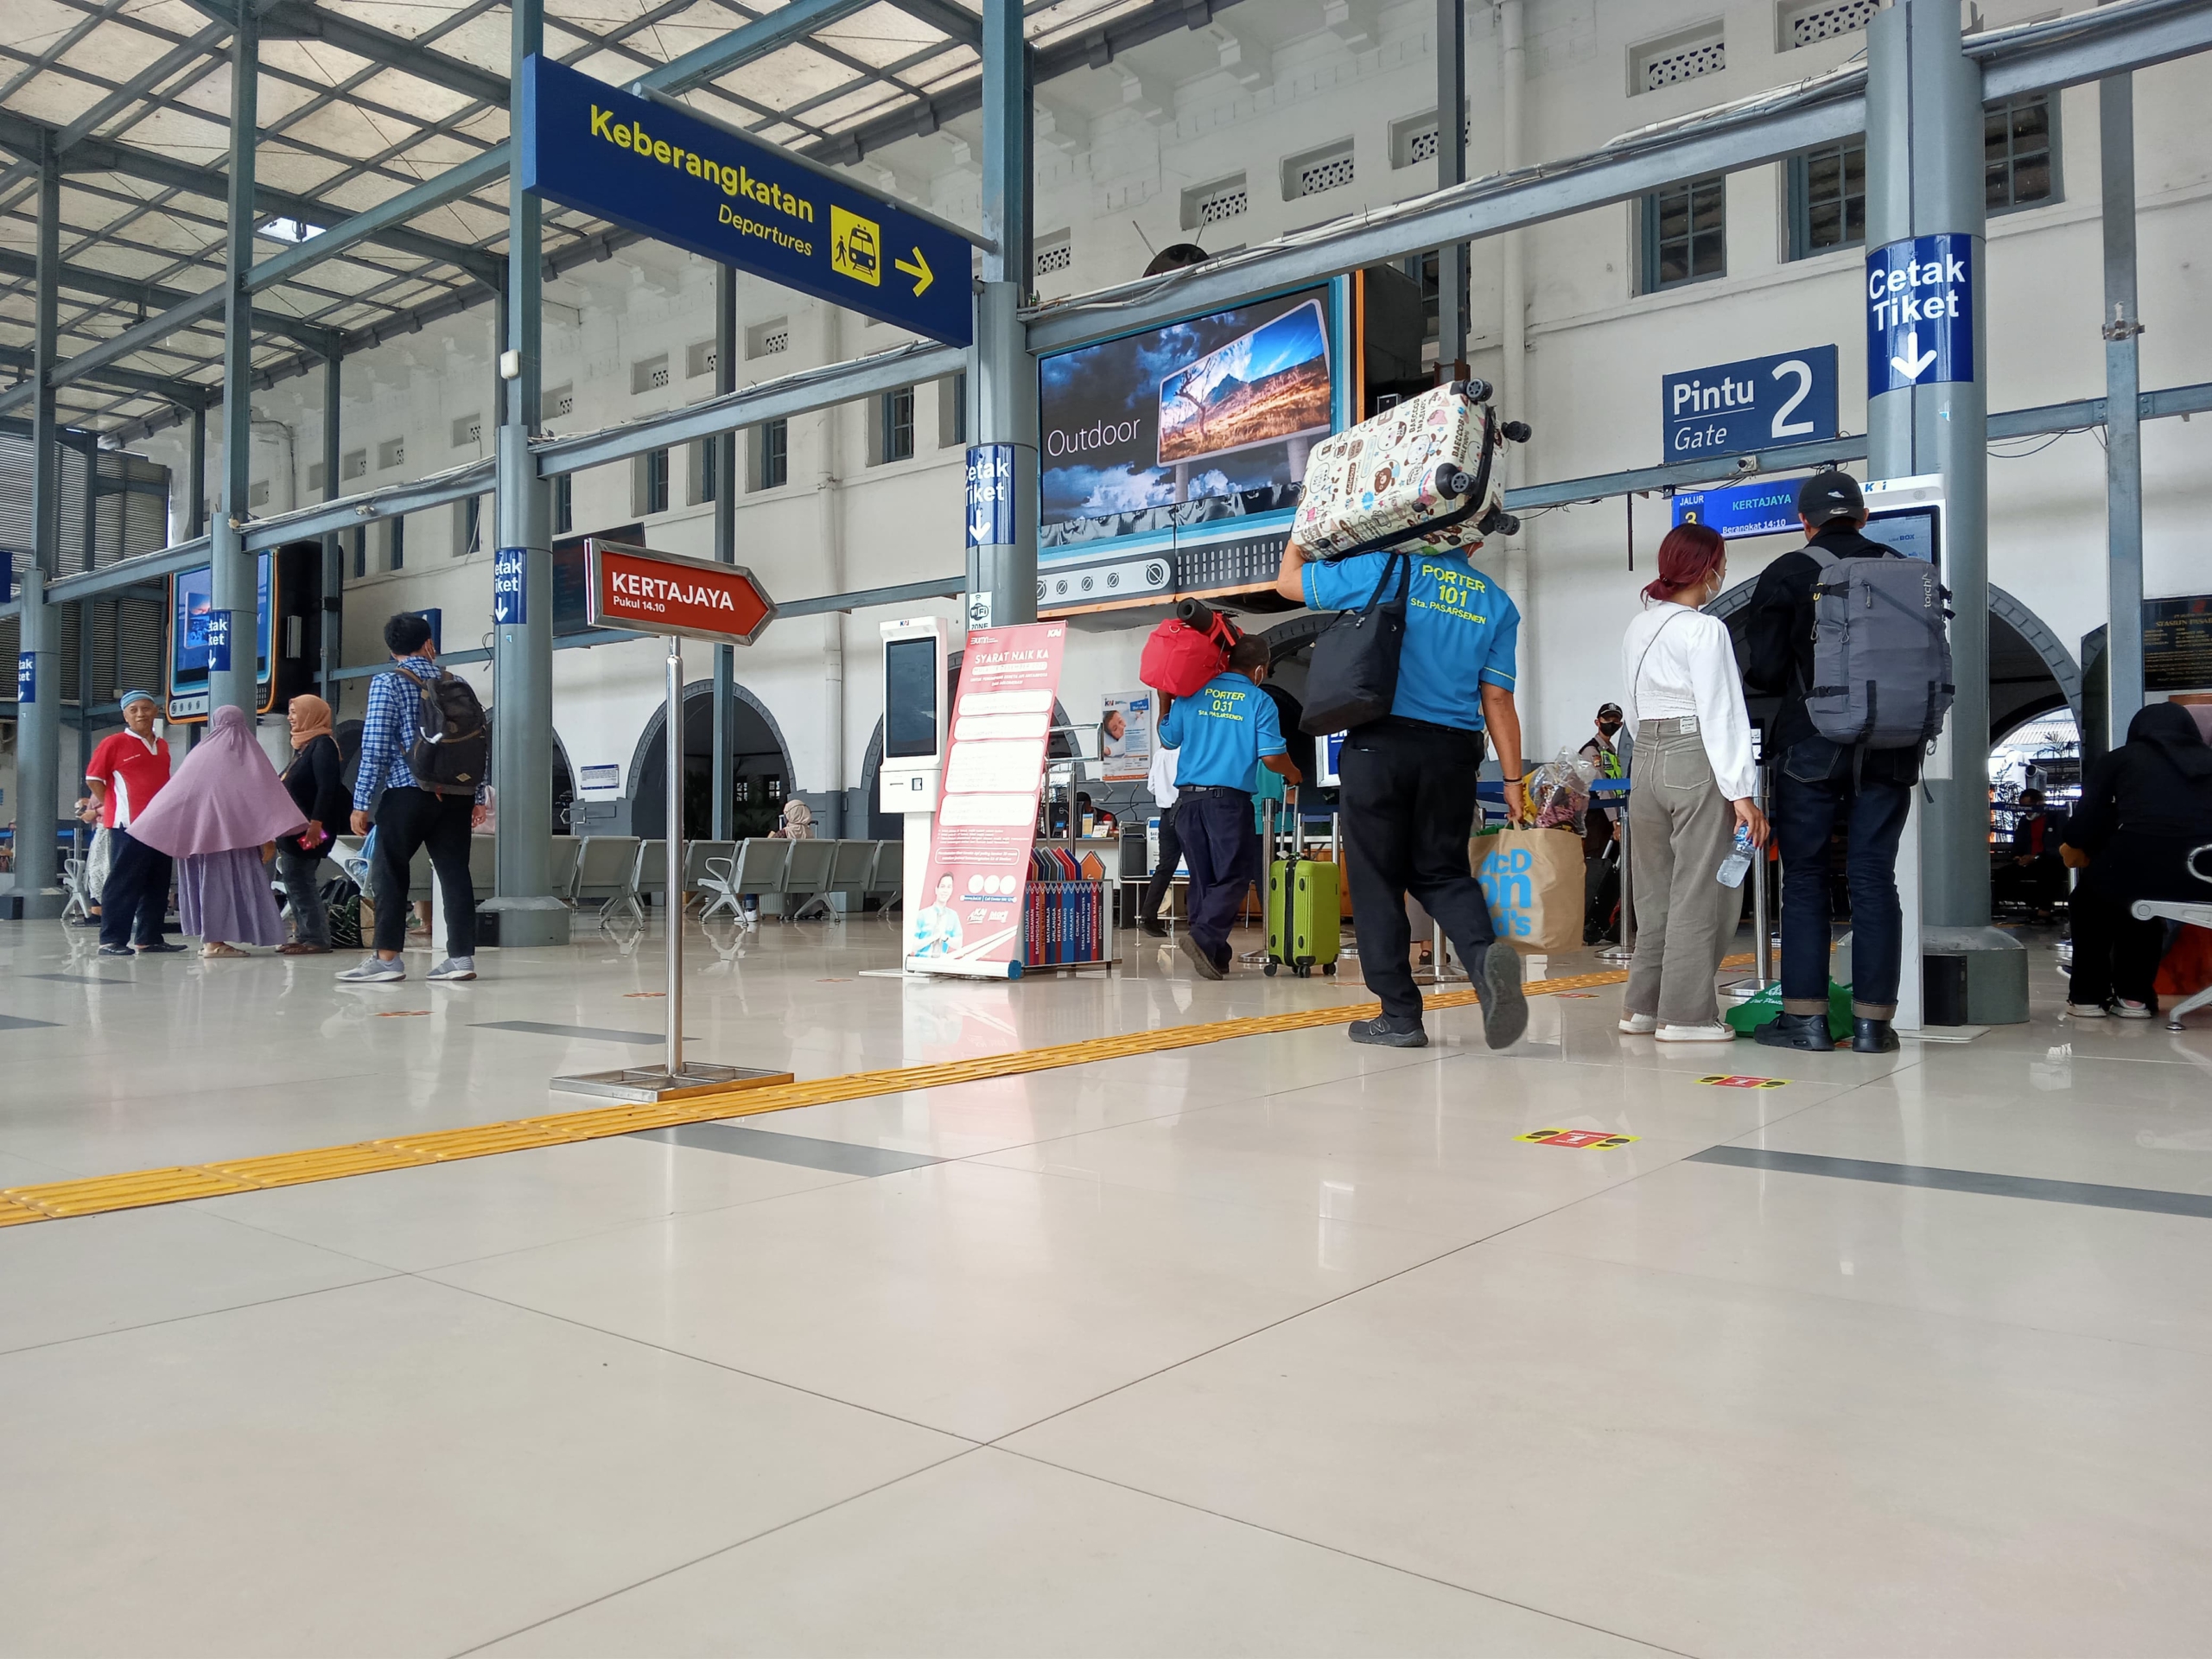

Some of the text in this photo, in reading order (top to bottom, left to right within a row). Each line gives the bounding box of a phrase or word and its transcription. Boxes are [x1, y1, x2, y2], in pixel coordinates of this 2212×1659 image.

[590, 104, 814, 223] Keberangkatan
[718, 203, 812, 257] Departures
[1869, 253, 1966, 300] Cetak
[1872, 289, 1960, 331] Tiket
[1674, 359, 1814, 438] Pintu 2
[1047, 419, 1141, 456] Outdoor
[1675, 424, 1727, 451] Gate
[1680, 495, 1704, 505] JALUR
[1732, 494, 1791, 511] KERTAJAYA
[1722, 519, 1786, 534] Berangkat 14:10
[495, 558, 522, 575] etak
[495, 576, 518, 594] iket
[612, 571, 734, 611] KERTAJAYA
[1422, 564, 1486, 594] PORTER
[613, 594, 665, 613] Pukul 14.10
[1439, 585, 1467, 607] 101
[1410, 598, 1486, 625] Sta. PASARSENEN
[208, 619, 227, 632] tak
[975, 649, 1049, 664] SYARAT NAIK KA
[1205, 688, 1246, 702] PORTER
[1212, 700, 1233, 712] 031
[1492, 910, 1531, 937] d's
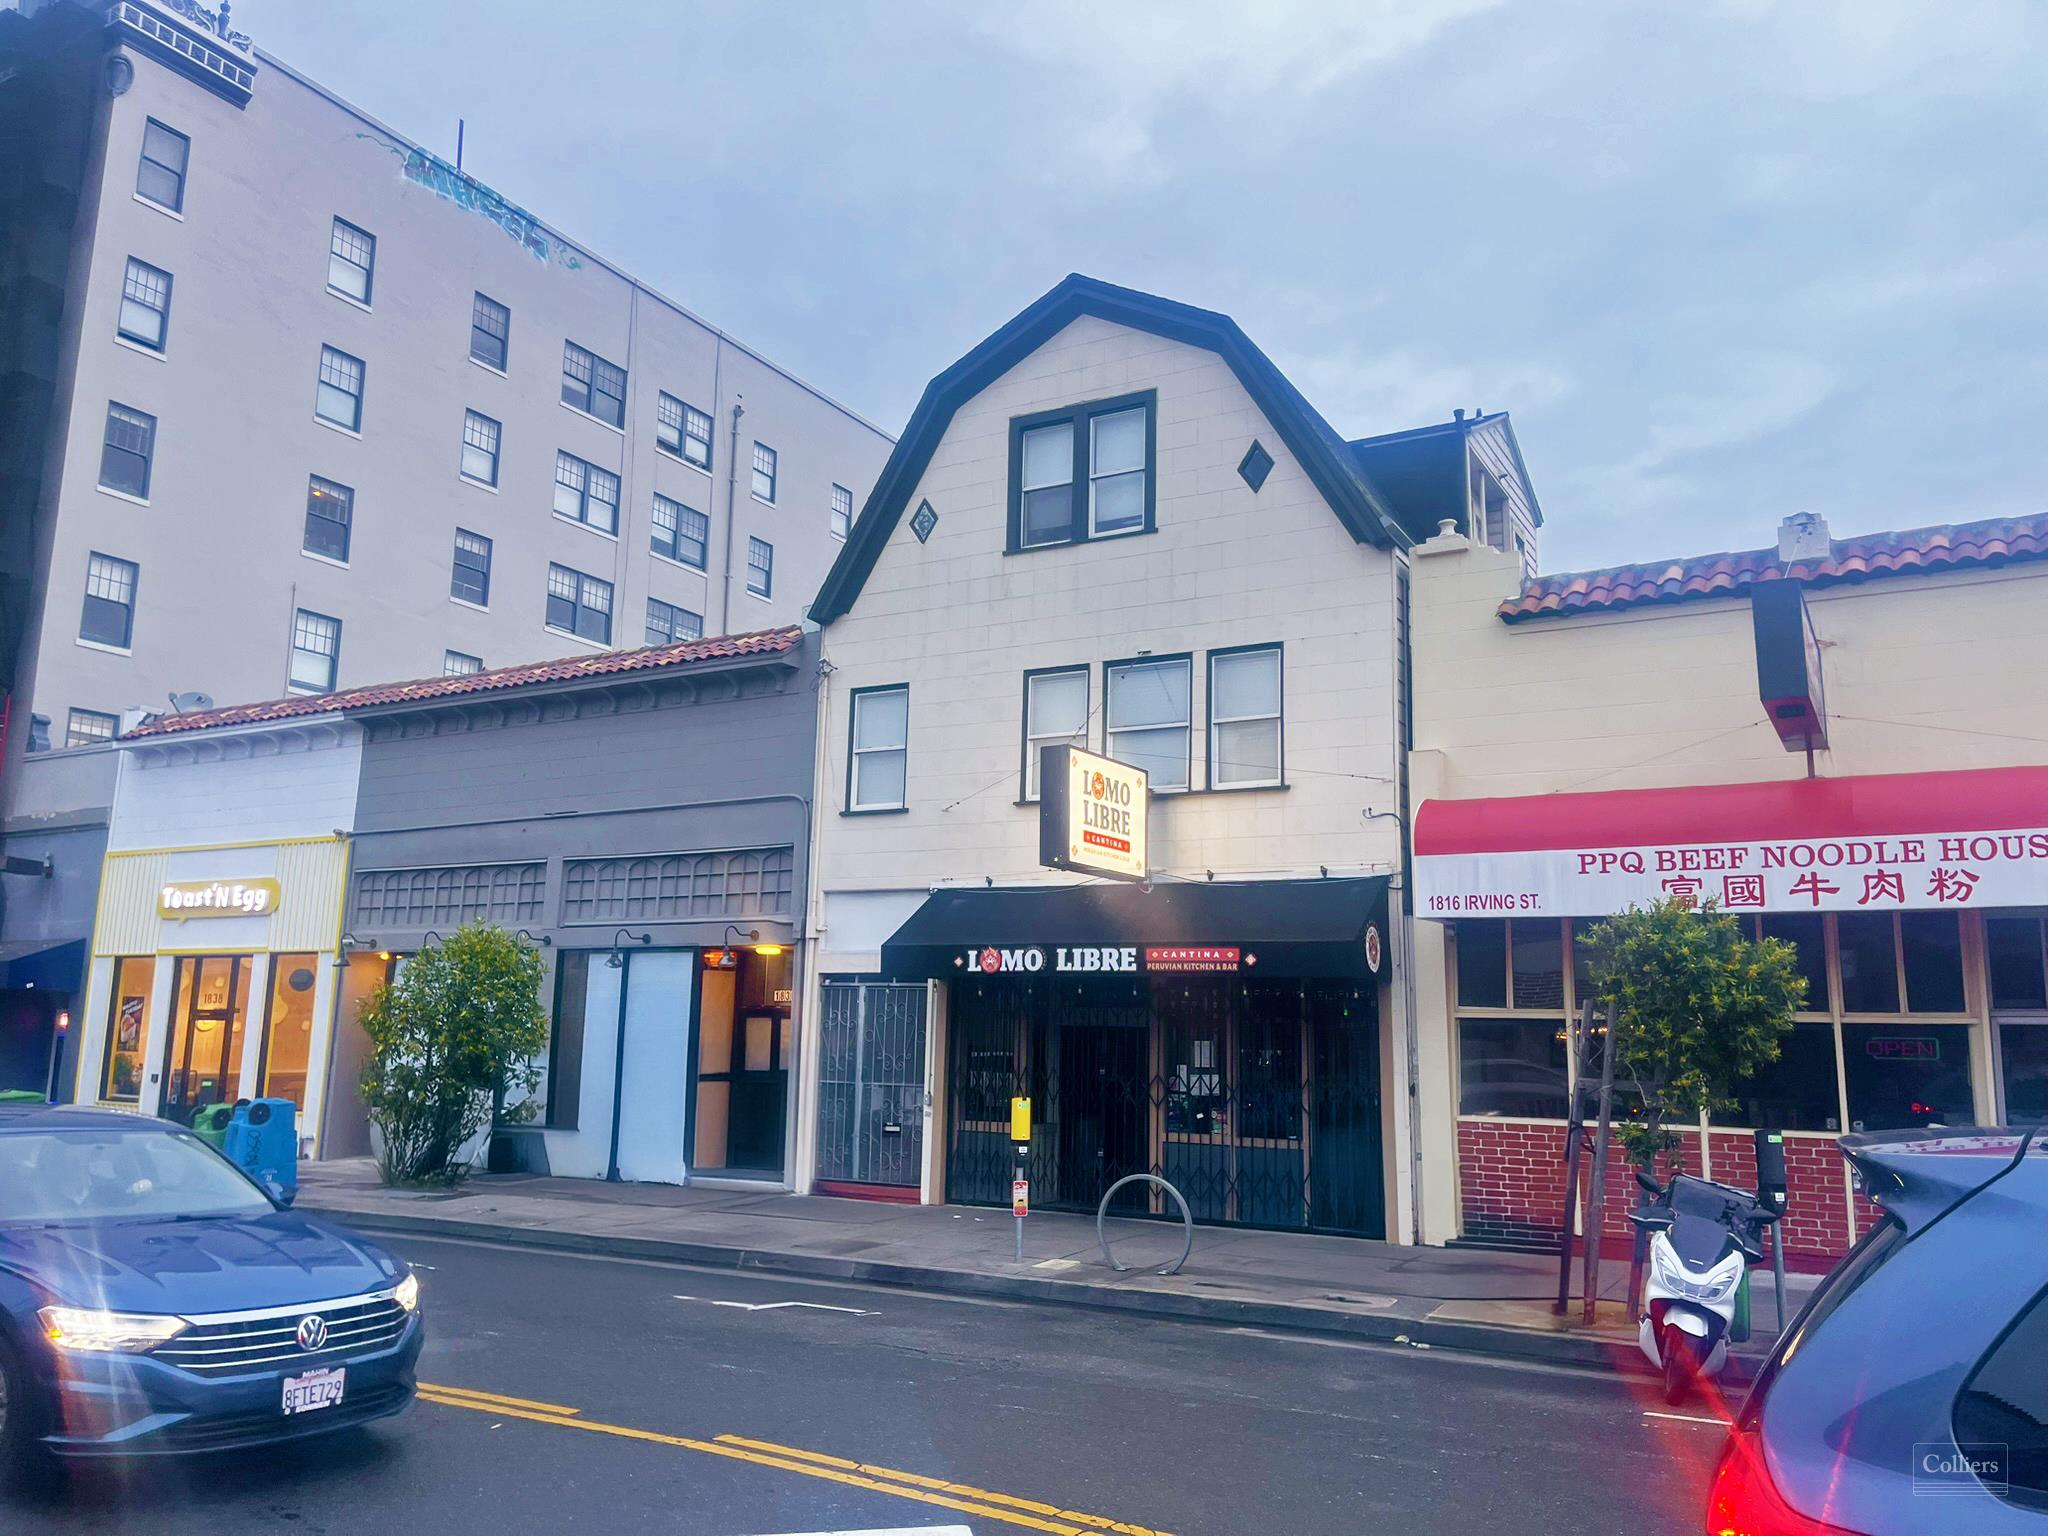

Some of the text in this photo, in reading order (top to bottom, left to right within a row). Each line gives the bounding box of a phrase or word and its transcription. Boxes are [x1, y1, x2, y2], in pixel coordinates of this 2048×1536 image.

= ASSIGNMENT =
Transcribe the preceding listing in its entirety and with exact wording, leaving out pictures.

= SOLUTION =
Some of the text in this photo, in reading order (top to bottom, left to right within a row). Each line gives the bounding box of a phrase or word and its transcription. Boxes are [x1, y1, x2, y2], in pixel coordinates of this 2212×1659 image.

[590, 104, 814, 223] Keberangkatan
[718, 203, 812, 257] Departures
[1869, 253, 1966, 300] Cetak
[1872, 289, 1960, 331] Tiket
[1674, 359, 1814, 438] Pintu 2
[1047, 419, 1141, 456] Outdoor
[1675, 424, 1727, 451] Gate
[1680, 495, 1704, 505] JALUR
[1732, 494, 1791, 511] KERTAJAYA
[1722, 519, 1786, 534] Berangkat 14:10
[495, 558, 522, 575] etak
[495, 576, 518, 594] iket
[612, 571, 734, 611] KERTAJAYA
[1422, 564, 1486, 594] PORTER
[613, 594, 665, 613] Pukul 14.10
[1439, 585, 1467, 607] 101
[1410, 598, 1486, 625] Sta. PASARSENEN
[208, 619, 227, 632] tak
[975, 649, 1049, 664] SYARAT NAIK KA
[1205, 688, 1246, 702] PORTER
[1212, 700, 1233, 712] 031
[1492, 910, 1531, 937] d's

Some of the text in this photo, in reading order (top to bottom, left to right within a row). Each line gives the bounding box of a phrase or word and its transcription. Boxes are [x1, y1, x2, y2], in pixel coordinates of this 2048×1536 image.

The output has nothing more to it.